LOCAL ENVIRONMENTAL-CHANGE FROM THE G-FORM TO F-FORM OF THE ACTIN MOLECULE DETECTED ON ANISOTROPY DECAY MEASUREMENT

The fluorescence intensity has been reported to increase 10 to 25 times when N-(1-pyrene)-iodoacetamide (PIAA)-conjugated actin polymerizes from the G- to the F-form. To elucidate the molecular mechanism underlying this process, we measured the time-averaged anisotropy of PIAA-actin in both the G- and F-forms. The anisotropy ratio of PIAA-G-actin (0.137+/-0.008) was smaller than that of PIAA-F-actin (0.221+/-0.008). Similar results were obtained when N-(1-pyrene)-3-iodopropionamide (PIPA), a PIAA analogue with an extra carbon-chain in its reactive group, was conjugated with actin.

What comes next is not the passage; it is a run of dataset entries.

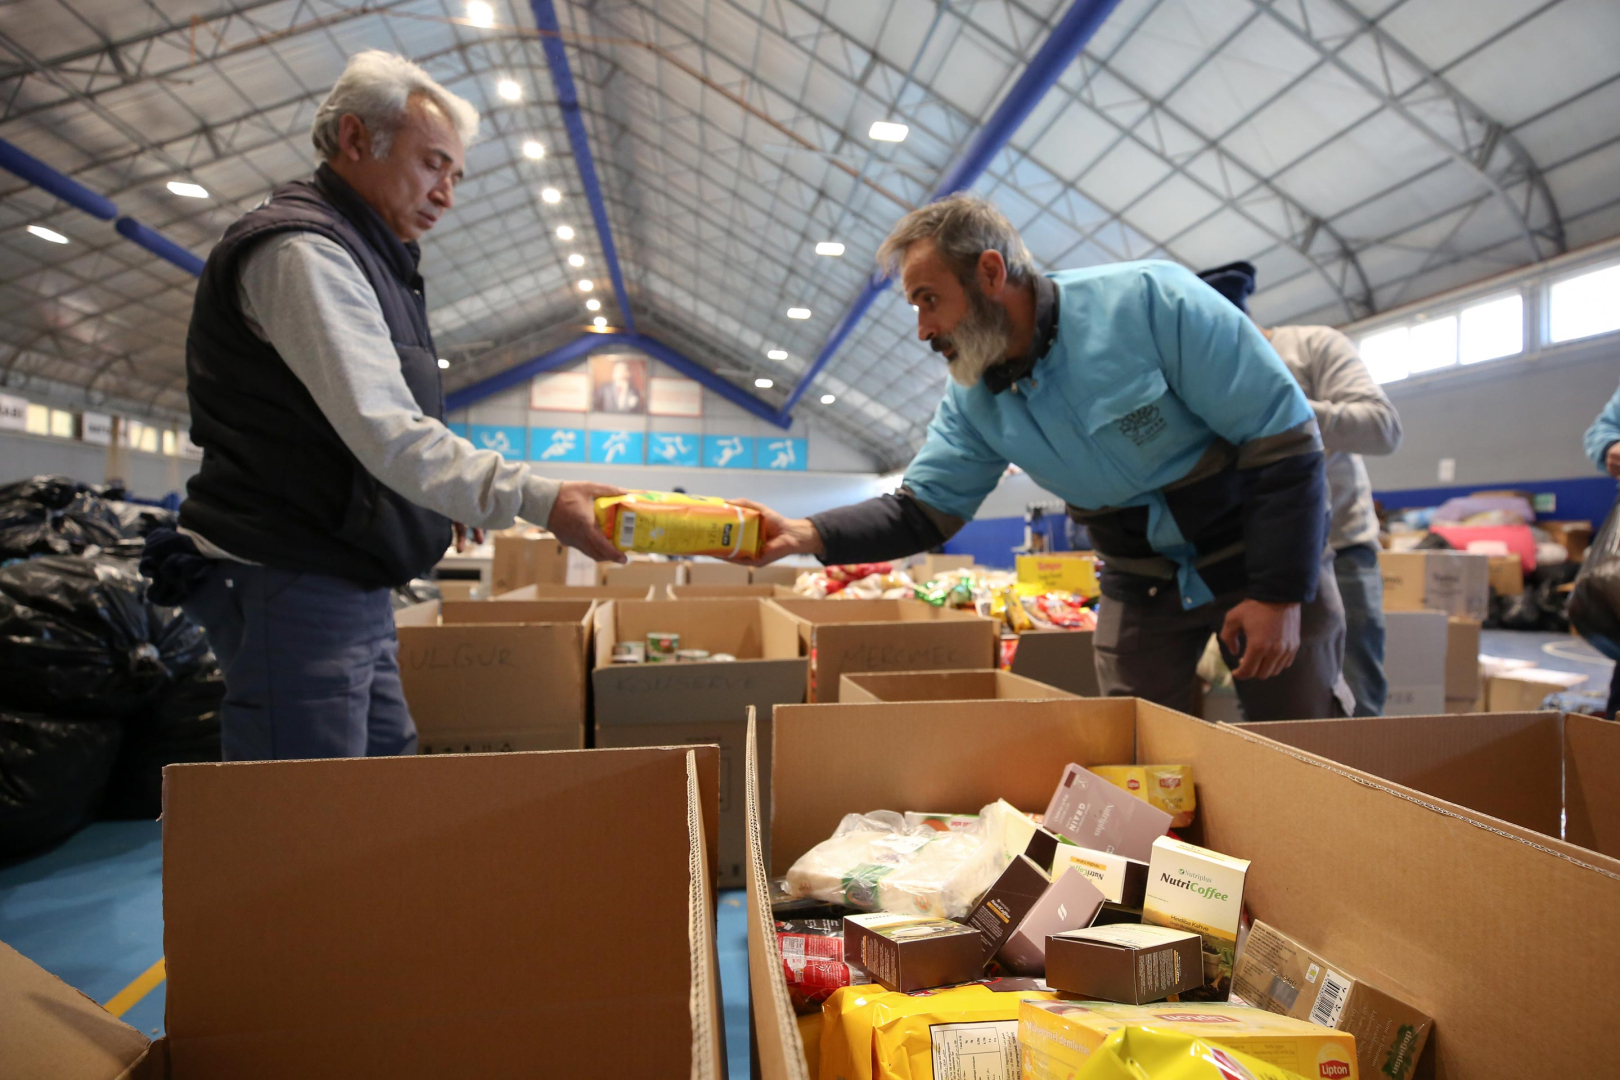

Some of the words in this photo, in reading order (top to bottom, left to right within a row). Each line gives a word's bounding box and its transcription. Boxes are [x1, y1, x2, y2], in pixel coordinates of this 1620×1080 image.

[1068, 802, 1086, 832] GRAIN
[1184, 870, 1212, 883] Nutriplus
[1160, 872, 1229, 901] NutriCoffee
[1170, 915, 1191, 926] Hindiba
[1191, 920, 1209, 932] Kahve
[1321, 1064, 1348, 1078] Lipton
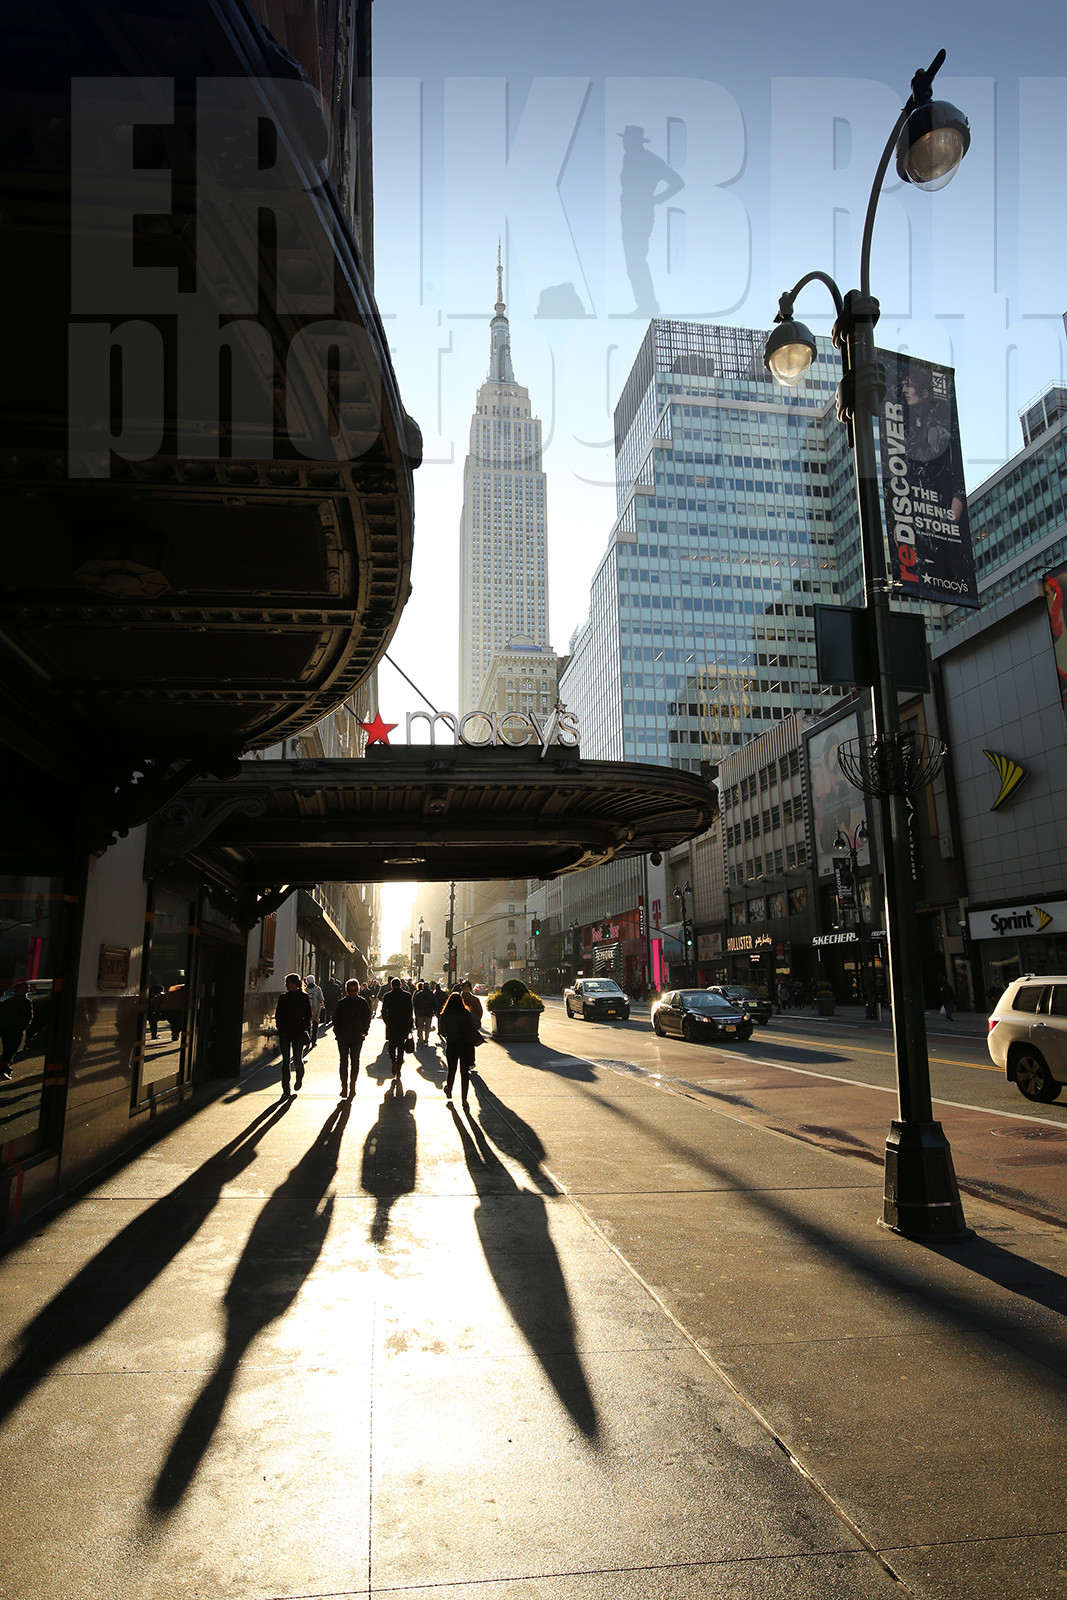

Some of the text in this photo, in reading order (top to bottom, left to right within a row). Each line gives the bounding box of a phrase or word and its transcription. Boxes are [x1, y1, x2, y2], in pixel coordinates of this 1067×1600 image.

[911, 485, 939, 503] THE
[912, 501, 957, 521] MEN'S
[914, 516, 961, 537] STORE
[991, 910, 1034, 935] Sprint
[726, 935, 753, 951] HOLLISTER
[811, 932, 860, 947] SKECHERS

The anisotropy ratio increased from 0.096+/-0.042 to 0.199+/-0.035 when PIPA-actin was transformed from the G- to the F-form. Further more, we measured the anisotropy decay of PIAA-actin in both the G- and F-forms. Least-square fitting revealed that the decay pattern was well fitted the wobbling-in-cone model. In the G-form, the pyrene of PIAA actin diffused in a cone region with a vertical half angle of 33.4 degrees. This value decreased to 25.9 degrees when the actin was transformed to the F-form. Because PIAA and PIPA were conjugated at Cys-374 of actin, our results suggest that a small cleft exists in the actin molecule in the vicinity of Cys-374, and this cleft becomes narrow upon polymerization, resulting in an increase in fluorescence intensity.